Is China winning the innovation race?

Cruising along a raised highway in eastern China, Marcus Hafkemeyer takes his hands off the wheel and smiles as the car indicates, brakes softly and changes lanes itself. “I’m very proud,” he says.

The German engineer is demonstrating Volkswagen’s rapid progress in offering assisted driving functionality to customers in China. Later, in an underground car park, the vehicle remembers its designated space and reverses effortlessly into the spot.

The technology, a forerunner to completely driverless cars, has taken the German company about 18 months to develop, test and now commercially deploy — all in China. It is the fruit of a 700-person research and development team comprised mostly of Chinese software engineers with masters or PhDs and more than five years’ experience.

Asked how long it would have taken to deliver something similar back home, Hafkemeyer, who worked with Audi, Chinese state-owned auto group BAIC and tech giant Huawei before joining VW in 2022, sighs with exasperation. Typically, he says, the technology development cycle in Germany is a slog of around four to four-and-a-half years, where ideas are bogged down in endless internal debate and commercial negotiations with suppliers.

“This country has in the last 10 years moved from third gear to fifth gear and is going full speed,” he says. “I still hear in the news ‘the Chinese are coming with their cheap cars flooding the European market’. I’m telling you, come here, look at these ‘cheap cars’. They are full of technology. Their quality is so good.”

Volkswagen’s tech ambitions in the country were originally aimed at winning back Chinese customers lost to a clutch of local rivals, including BYD, which have been faster to embrace the EV transition. The strategy was dubbed “In China, for China”.

But now a stream of German engineers are travelling to the group’s R&D centre in Hefei, a city in Anhui province, gleaning what they can from their new colleagues.

For decades, China has been the world’s factory and companies have tapped into a low-cost labour force with few protections and cheap, dirty energy. The country’s scale — as a manufacturing base and as a consumer market — lured almost all the world’s biggest multinationals. But the underlying technology was retained by companies from the US and Europe.

Now China’s research and development prowess is allowing it to compete, and potentially beat, the west.

Whereas the biggest focus of US innovation has become potential moonshot technologies such as artificial general intelligence, for Beijing R&D largely focuses on addressing shortcomings in the real economy — part of Xi Jinping’s pursuit of technological self-sufficiency.
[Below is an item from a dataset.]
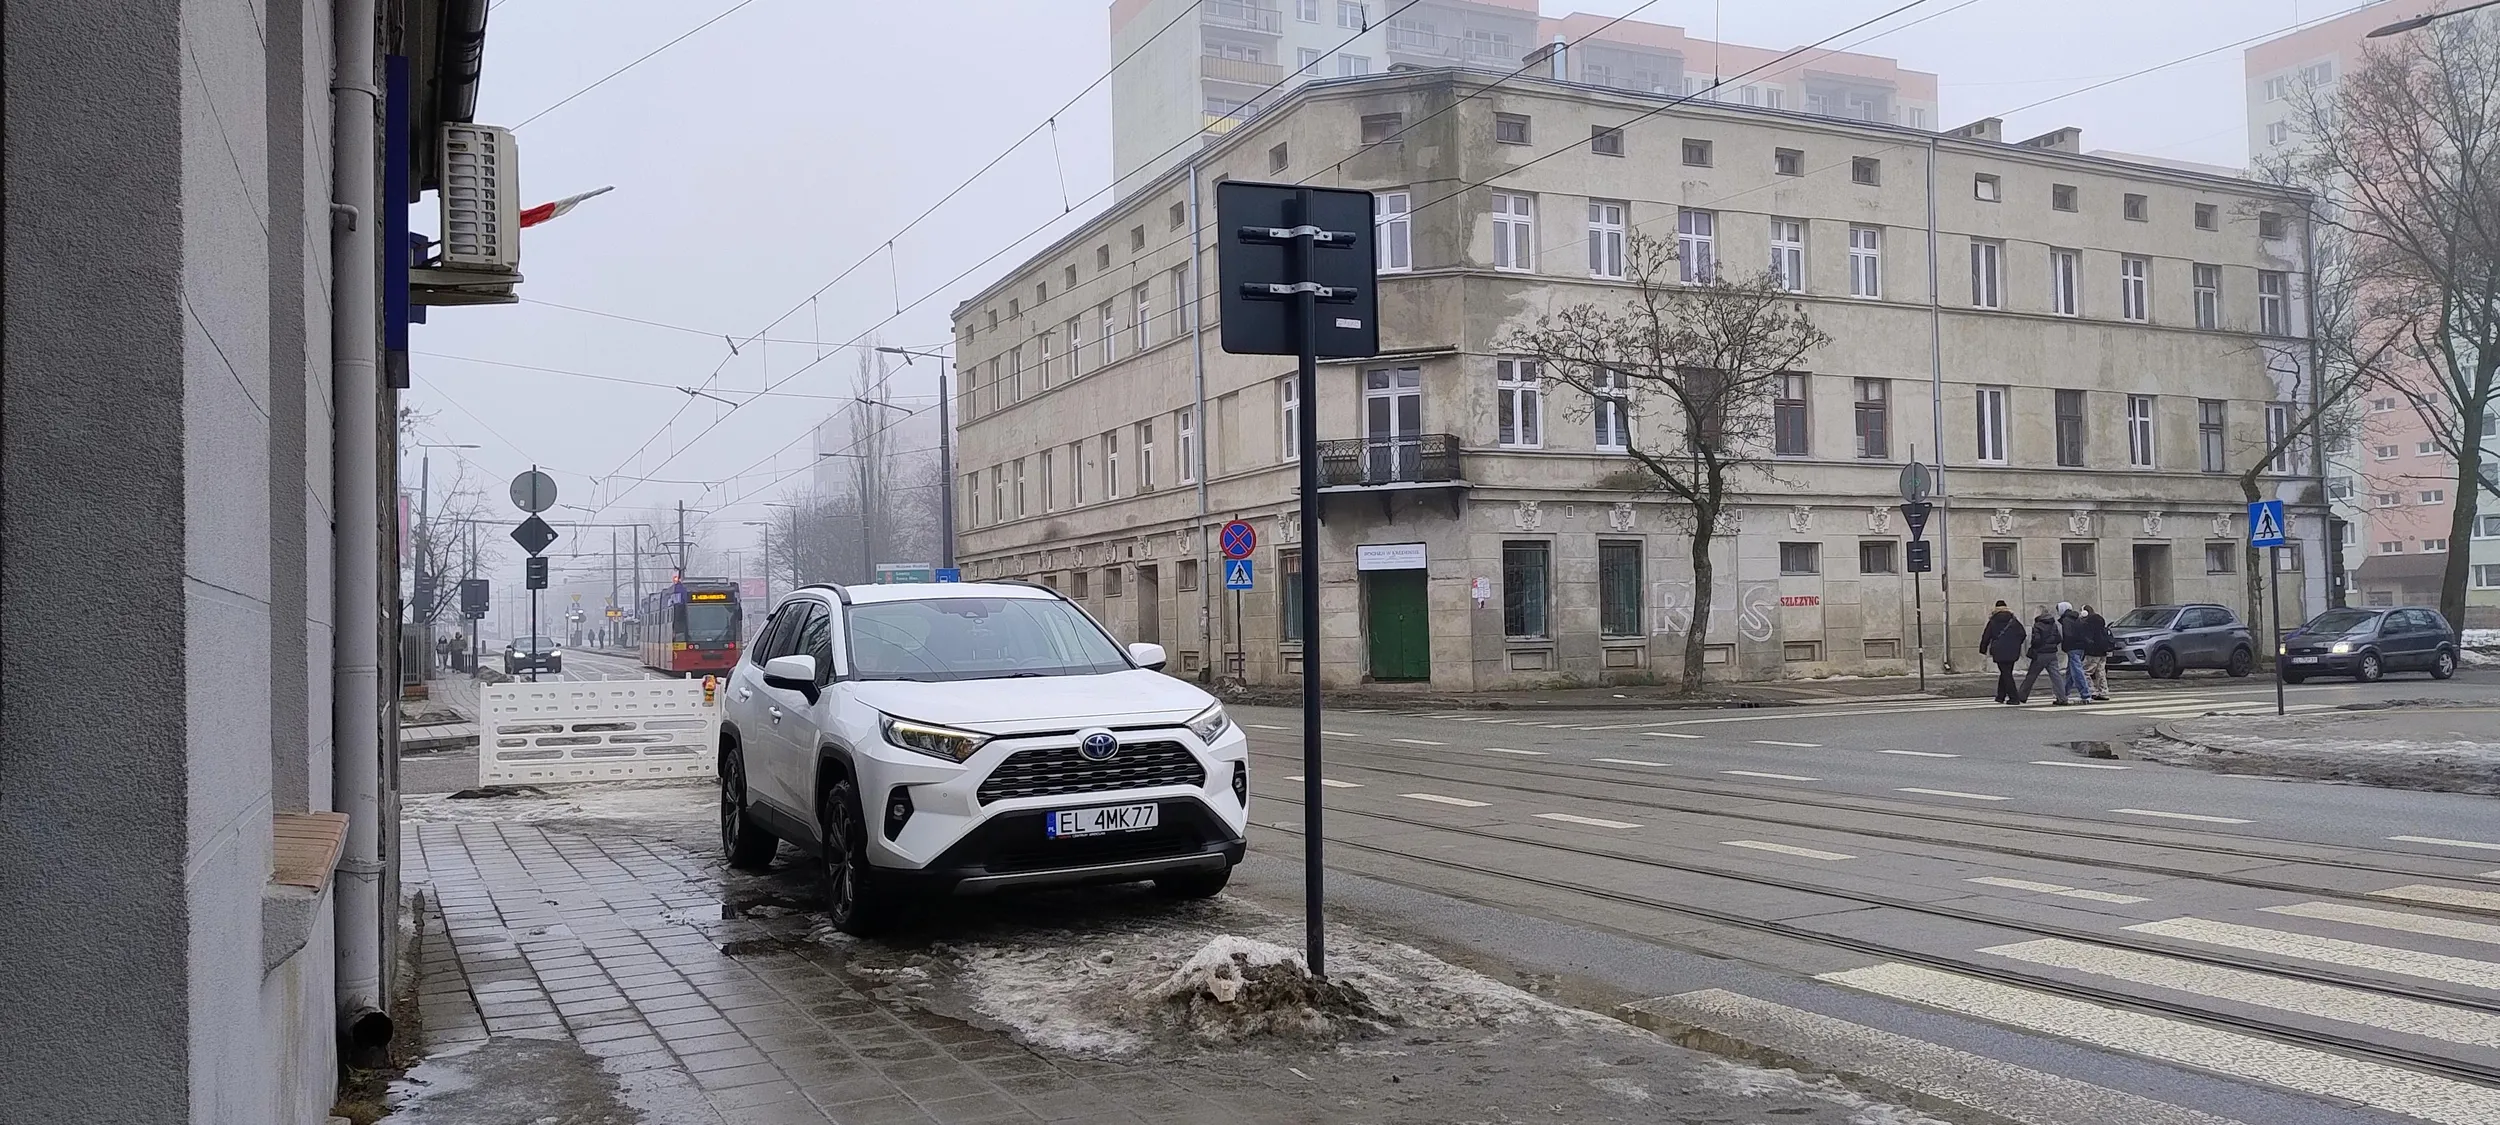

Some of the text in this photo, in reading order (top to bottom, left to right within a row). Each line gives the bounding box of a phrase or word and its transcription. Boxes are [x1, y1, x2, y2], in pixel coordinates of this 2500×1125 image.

After years of state, corporate and academic efforts to alleviate basic vulnerabilities, China’s advances are now setting up the country to dominate future global supply chains for energy and transport.
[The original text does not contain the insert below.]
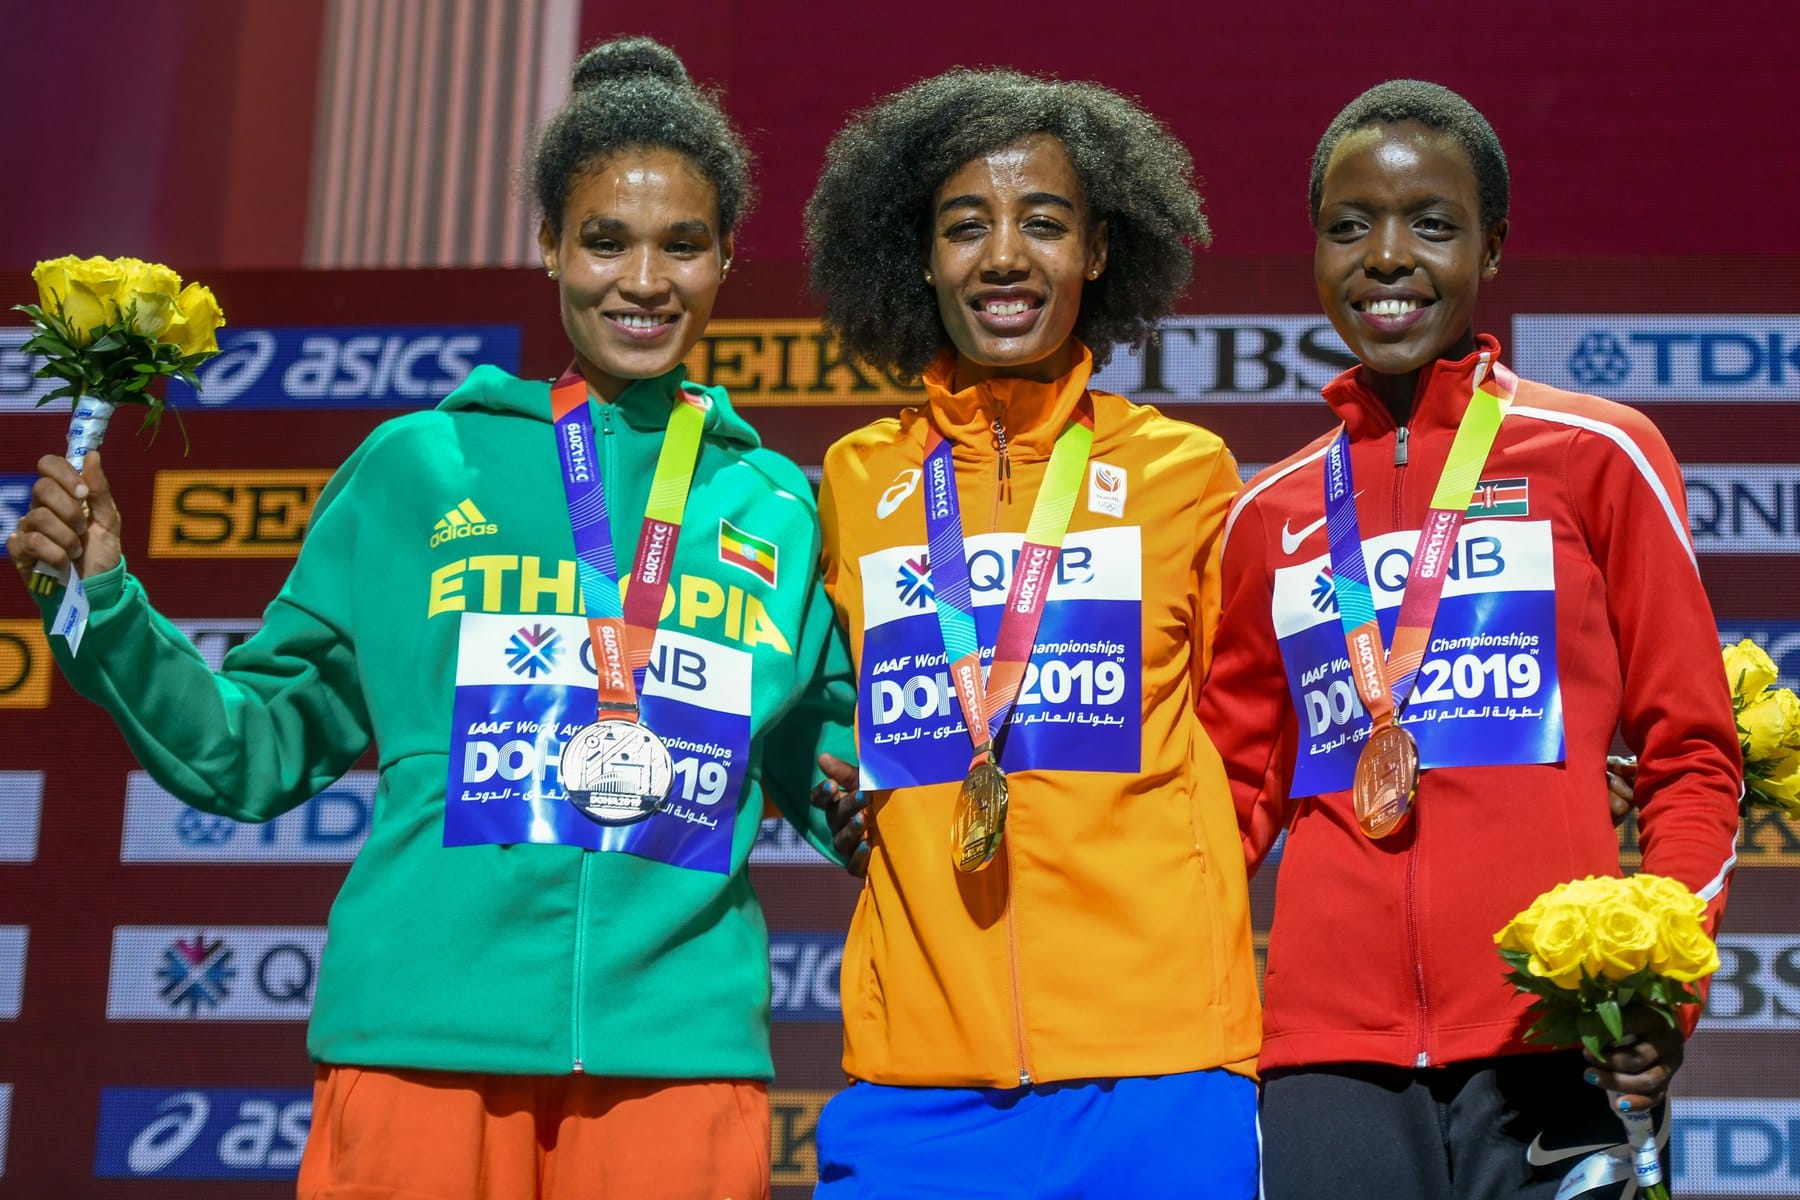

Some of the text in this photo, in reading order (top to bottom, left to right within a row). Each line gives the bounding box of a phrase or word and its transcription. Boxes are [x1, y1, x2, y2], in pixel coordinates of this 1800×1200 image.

Compounding inertia in the west are the sweeping cuts to US science funding made by Donald Trump since he returned to the White House, a move that threatens to undermine the innovation that has been central to the country’s economic strength for decades.

Map of China showing the capital Beijing, the cities of Shanghai and Hefei and Rugao

As China makes progress, government officials and business executives must decide whether to compete, collaborate or attempt to coexist with the country. 
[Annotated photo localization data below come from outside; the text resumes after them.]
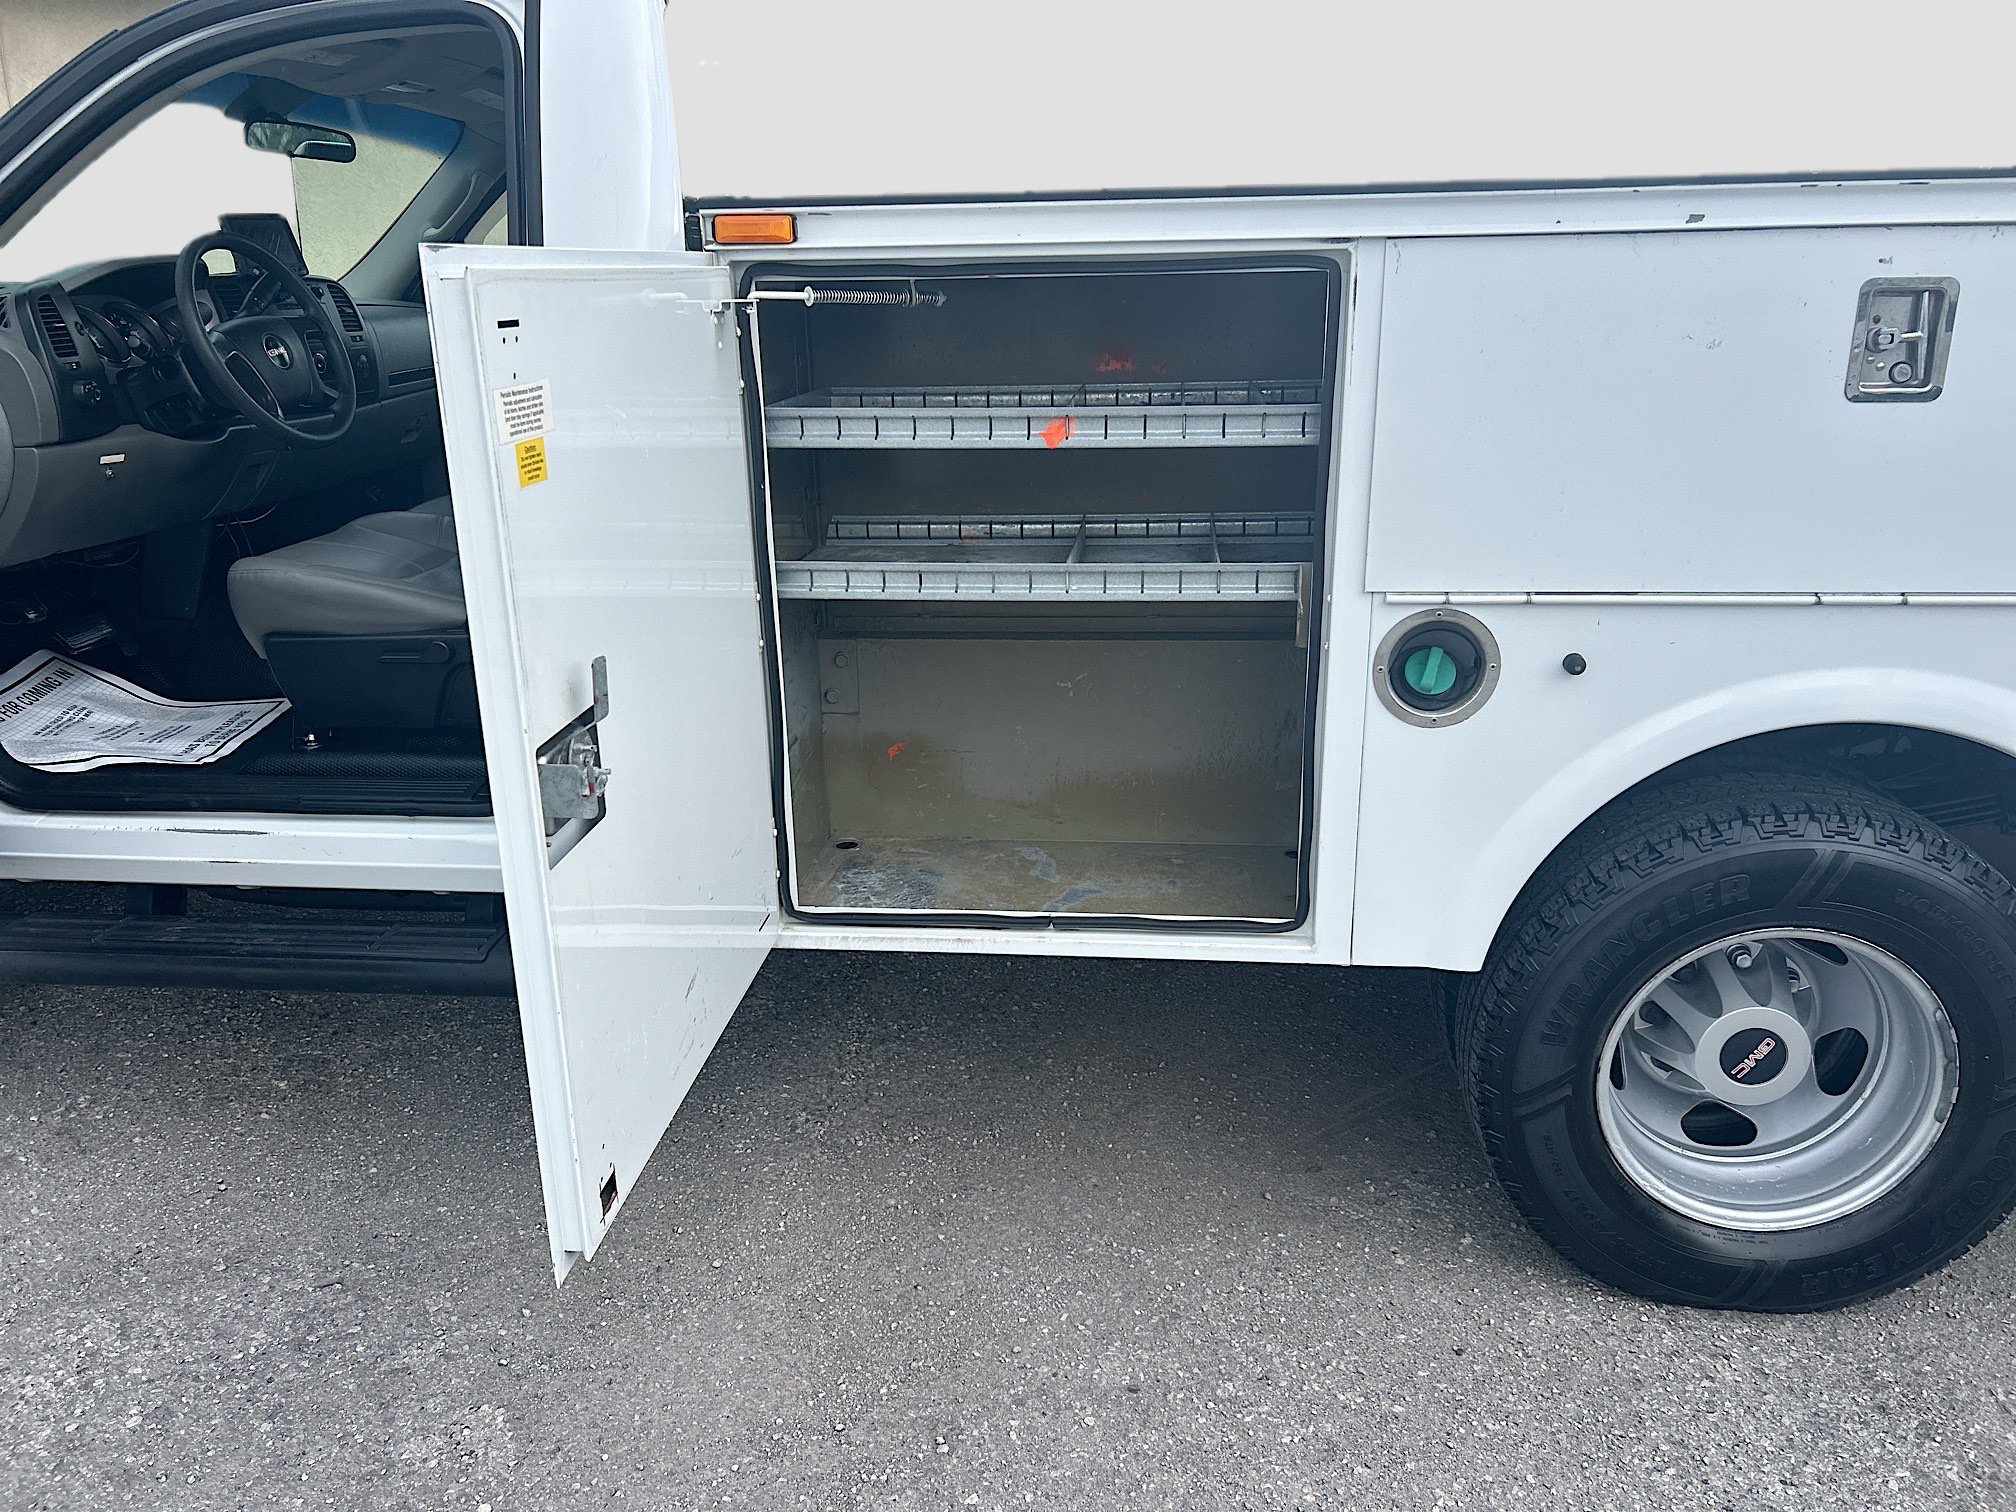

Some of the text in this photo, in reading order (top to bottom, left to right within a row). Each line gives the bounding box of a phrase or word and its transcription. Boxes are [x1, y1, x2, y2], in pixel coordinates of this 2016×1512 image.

[0, 701, 27, 719] FOR
[16, 676, 63, 706] COMING
[52, 667, 75, 681] IN
[1538, 873, 1752, 1047] WRANGLER
[1893, 878, 2014, 976] WORKHORSE
[1730, 1037, 1776, 1079] GMC
Dan Wang, China director at consultancy Eurasia Group, says China’s centralised political system and the Communist party’s command over the economy are giving it “the upper hand” over liberal democracies when it comes to new technologies that require long-term investments. 

Beijing’s commitment to high-tech industries, including to the basic sciences underpinning them, appears to be “much higher than the US”, she says. This is almost certain to continue — even if it means one or two generations of Chinese people suffer as a result of the country’s fiscal resources being diverted from welfare. 

“Focus is the key,” Wang says. “The Chinese government has a sense of urgency, they believe they don’t have a lot of time and in this competition with the US, China must win.”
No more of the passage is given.